Since moving a season-best 20 games over .500 at 52-32 on July 6, the Angels are a pedestrian 12-15. The A’s were 41-42 on July 6 and are 23-5 since.

Over the last 30 days, the A’s have an AL-leading 3.10 earned-run average and are batting .285, fifth-best in the league in that span. The Angels have the second-best ERA at 3.49 but are batting .246, next-to-last in the league.

“They can win 40 games in a row; we don’t care,” Angel closer Francisco Rodriguez said. “We have to worry about what we’re doing.”

Having their third baseman (Dallas McPherson), designated hitter (Tim Salmon) and two-thirds of the rotation (right-hander Kelvim Escobar and left-hander Jarrod Washburn) on the disabled list, slumping center fielder Steve Finley benched and first baseman Darin Erstad nursing a sore right hip has not helped matters for the Angels, though Finley and Erstad are expected to play against Oakland.

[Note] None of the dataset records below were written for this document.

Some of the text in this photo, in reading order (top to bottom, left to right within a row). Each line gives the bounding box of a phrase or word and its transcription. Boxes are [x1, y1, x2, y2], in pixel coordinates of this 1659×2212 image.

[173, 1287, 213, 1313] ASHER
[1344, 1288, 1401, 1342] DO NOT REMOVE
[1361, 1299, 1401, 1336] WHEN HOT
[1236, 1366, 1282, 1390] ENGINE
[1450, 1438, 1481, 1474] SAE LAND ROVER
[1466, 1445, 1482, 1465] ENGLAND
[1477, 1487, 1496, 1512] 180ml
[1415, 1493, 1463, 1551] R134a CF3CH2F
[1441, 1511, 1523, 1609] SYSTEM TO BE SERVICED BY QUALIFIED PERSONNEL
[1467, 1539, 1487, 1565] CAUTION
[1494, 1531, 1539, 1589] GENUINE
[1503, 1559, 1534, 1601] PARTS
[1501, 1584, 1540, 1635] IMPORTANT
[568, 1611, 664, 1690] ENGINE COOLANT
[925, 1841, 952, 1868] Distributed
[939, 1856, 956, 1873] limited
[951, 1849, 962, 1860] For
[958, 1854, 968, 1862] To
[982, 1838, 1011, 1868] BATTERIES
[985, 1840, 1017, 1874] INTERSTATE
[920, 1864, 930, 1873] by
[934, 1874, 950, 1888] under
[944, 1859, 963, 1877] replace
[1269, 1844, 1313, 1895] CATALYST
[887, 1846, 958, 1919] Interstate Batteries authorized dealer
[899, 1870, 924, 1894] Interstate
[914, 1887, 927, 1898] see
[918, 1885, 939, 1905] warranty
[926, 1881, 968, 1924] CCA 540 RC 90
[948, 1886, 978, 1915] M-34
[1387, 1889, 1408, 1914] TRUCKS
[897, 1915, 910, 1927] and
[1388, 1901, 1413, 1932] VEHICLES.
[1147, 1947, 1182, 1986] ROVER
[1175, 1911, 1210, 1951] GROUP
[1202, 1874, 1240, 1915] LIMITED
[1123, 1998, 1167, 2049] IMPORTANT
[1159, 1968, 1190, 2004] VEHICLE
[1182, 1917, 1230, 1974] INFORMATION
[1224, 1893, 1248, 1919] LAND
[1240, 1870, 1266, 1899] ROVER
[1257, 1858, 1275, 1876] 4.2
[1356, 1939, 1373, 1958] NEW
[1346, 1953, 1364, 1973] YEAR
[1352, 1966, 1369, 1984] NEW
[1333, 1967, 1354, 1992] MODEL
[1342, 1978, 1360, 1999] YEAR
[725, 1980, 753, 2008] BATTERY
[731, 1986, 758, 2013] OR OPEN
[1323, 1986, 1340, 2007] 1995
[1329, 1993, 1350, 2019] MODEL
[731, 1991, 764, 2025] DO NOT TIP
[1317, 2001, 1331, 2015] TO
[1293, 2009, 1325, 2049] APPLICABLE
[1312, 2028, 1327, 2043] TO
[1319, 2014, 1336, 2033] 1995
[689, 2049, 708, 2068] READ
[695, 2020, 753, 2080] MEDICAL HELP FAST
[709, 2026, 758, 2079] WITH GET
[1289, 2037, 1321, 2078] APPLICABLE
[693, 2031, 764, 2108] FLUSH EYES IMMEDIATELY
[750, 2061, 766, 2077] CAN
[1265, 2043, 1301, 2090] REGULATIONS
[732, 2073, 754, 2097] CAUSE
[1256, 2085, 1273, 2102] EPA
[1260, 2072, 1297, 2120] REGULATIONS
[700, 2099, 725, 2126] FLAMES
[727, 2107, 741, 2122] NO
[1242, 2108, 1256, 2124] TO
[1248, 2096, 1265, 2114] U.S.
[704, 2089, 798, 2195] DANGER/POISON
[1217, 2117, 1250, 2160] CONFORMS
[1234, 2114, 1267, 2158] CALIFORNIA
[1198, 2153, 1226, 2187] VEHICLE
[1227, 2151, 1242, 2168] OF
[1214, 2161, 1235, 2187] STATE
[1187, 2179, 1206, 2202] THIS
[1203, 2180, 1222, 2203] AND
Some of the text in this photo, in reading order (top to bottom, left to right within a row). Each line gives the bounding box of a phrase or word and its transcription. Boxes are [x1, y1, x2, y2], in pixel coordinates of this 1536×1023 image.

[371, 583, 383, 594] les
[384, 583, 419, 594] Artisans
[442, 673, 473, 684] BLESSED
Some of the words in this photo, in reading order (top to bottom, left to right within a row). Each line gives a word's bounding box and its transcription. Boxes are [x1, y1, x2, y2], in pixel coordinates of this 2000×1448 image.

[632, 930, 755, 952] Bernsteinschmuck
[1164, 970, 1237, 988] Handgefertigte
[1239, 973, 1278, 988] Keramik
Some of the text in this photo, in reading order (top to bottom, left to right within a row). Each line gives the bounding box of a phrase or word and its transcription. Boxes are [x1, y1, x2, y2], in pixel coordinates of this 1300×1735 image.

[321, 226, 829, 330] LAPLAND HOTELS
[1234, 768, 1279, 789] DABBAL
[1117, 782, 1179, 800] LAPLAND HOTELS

The Angels have been in first place 119 of 125 days this season and have led the division since June 8, but coughing up the lead has rekindled memories of 1995, when the Angels blew a 13-game lead over Seattle in August before losing a one-game playoff to the Mariners.

This season, the Angels led the A’s by 8 1/2 games July 18, after beating them, 5-2, at Angel Stadium.

Think the Angels don’t have the A’s on their mind? Bartolo Colon admitted to peeking at the scoreboard while pitching against Tampa Bay on Sunday.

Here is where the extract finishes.